The folk art diorama, titled National Clock Millersburg and expected to bring $20,000 to $40,000, is more difficult to explain. Created by Jacob A. Light, a Pennsylvanian and a religion and history buff who apparently had trouble settling down, it consists of a folding triptych 64 inches high by 114 inches wide that unfolds to reveal a parade of the presidents from Washington to Coolidge, Civil War generals, and Jesus and his apostles at the Last Supper, among other figures. It took Light 18 years to make, using only a penknife.
The clock that gives its name to the main structure actually sits apart from it. "It's almost like a second thought," Pook and Pook associate Jamie Shearer said this week.
It was exhibited in the early 1960s when it was taken to local fairs on the back of a flatbed truck. Then it disappeared, until it was acquired about 15 years ago by the consigner, a Pennsylvanian living near the New York state line.
The sale also offers a host of other folk art and related items. Among them is a 11-by-19-by-19-inch, early-20th century jailhouse carver scene of a tavern interior in a glass case, expected to bring $3,000 to $5,000.
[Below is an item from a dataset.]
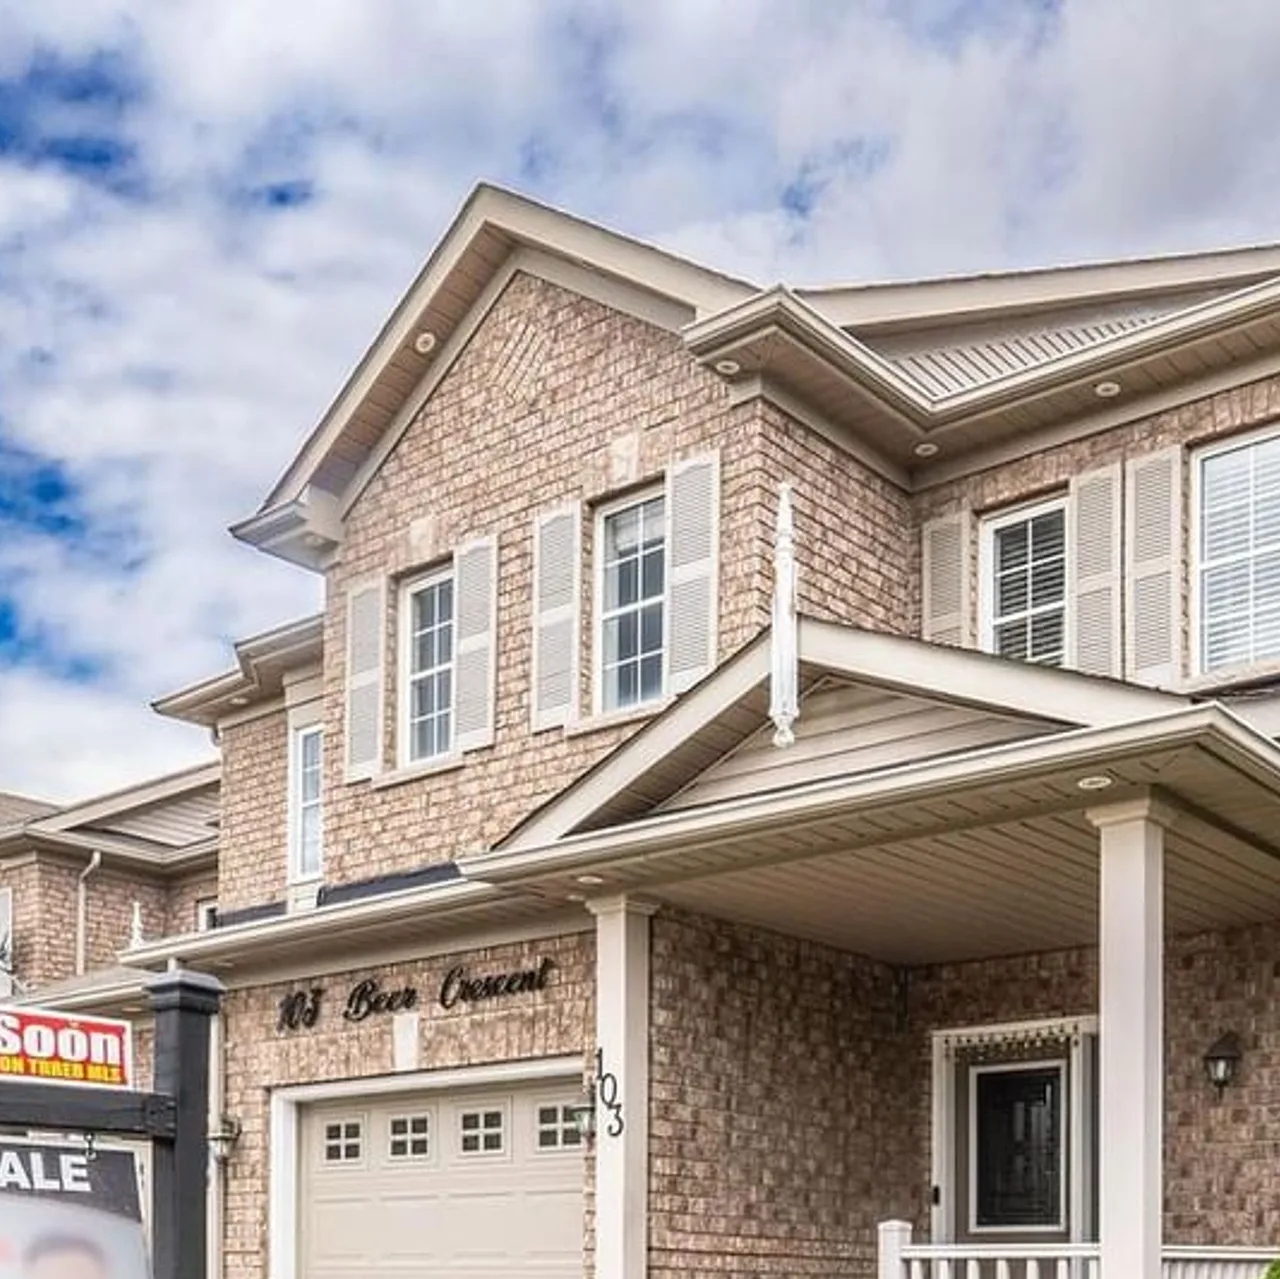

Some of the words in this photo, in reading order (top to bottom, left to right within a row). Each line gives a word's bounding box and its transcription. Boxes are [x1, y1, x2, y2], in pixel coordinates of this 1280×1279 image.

Two carved and painted wood geometric shapes by the Pennsylvania artist John Scholl that were exhibited about 1980 at the William Penn Memorial Museum, Painted Wheel With Chalice and Geometric Snowflake, are expected to bring $4,000 to $8,000 and $8,000 to $12,000, respectively.
The Delaware case clock, with a presale estimate of $35,000 to $50,000, is one of almost a dozen pieces of circa-1800 Delaware Valley furniture expected to sell for five-figure prices. Among them are a circa-1760 Lancaster County cherry Schrank ($20,000 to $40,000) and a diminutive circa-1770 Pennsylvania walnut hanging cupboard ($15,000 to $25,000). The two are among more than 60 lots being consigned by longtime dealers and collectors Lucille and Guy Keemer of Hallem, Pa.
Two other lots come with pedigrees. A Chester County Queen Anne walnut secretary desk dated 1744 is illustrated in Schiffer's Furniture and Its Makers of Chester County Pennsylvania ($20,000 to $30,000). And a circa-1770 Chippendale carved and figured mahogany desk and bookcase from the Hussey family of Massachusetts that was in a Sotheby's sale in New York in 2001 came from the Robert E. Crawford Collection ($25,000 to $45,000).
The Hussey family bookcase is among 60 lots from the collection of Muriel and Foster McCarl of Bluffton, S.C. The collection otherwise consists mainly of quilts, notably a circa-1860 Baltimore trapunto and appliqué album quilt ($3,000 to $5,000) and a 103-by-111-inch Philadelphia broderie Perse (Persian embroidery) quilt dating to 1793 ($8,000 to $12,000).
The lot expected to bring the auction's top price is a painting by the German-American Wilhelm Thony (1888 to 1949) of the Paris skyline, done in an almost abstract style and expected to bring $40,000 to $70,000. An oil-on-canvas landscape with a young girl by the turn-of-the-20th-century American John George Brown should bring $15,000 to $25,000.
Local Pennsylvania impressionist works include two by Fern Coppedge: a 7-by-9-inch untitled autumn landscape ($4,000 to $6,000) and the 25-by-30½-inch Autumn From Music Circus Hill, Lambertville ($20,000 to $40,000); and two landscapes by Coppedge's student, H. Cadwallader Jr., one of West Chester Pike, the other of Stockton, N.J. ($1,000 to $2,000 each).
Statuary includes two French works, a patinated bronze of three boys mounting a horse by Arthur Jacques Leduc ($4,000 to $6,000), and a nickled bronze of two rugby players by Pierre Toulgouat ($3,000 to $5,000).
Preview: 10 a.m. to 6 p.m. Friday and 8 a.m. to sale time Saturday at the gallery at 463 E. Lancaster Ave. For more information, call 610-269-4040.
Clearance at Kamelot. Kamelot Auctions, which is marking 10 years at the 4700 Wissahickon Ave. complex, will clean house with an online clearance sale beginning at 1 p.m. Wednesday. While the 180 lots to be offered are the usual mix of Kamelot specialties, contemporary and designer furniture, lighting and architectural items, their presale estimates are well below the prices at the in-house events, according to the online catalog, accessible at www.kamelotauctions.com.
They range from the $100 to $200 that a circa-1960 faux leather upholstered club chair is expected to bring to the $1,500 to $2,500 that a set of six circa-1900 Chippendale-style mahogany dining chairs should sell for. Other highlights: a circa-1920 plum pudding mahogany three-door armoire that converts into a three-way cheval dressing mirror ($600 to $800); a circa-1910 industrial cast- and wrought-iron, adjustable mechanical table ($200 to $400); and a circa-1920 circular beveled glass fantasy mirror with carved winged dragon framing ($700 to $900).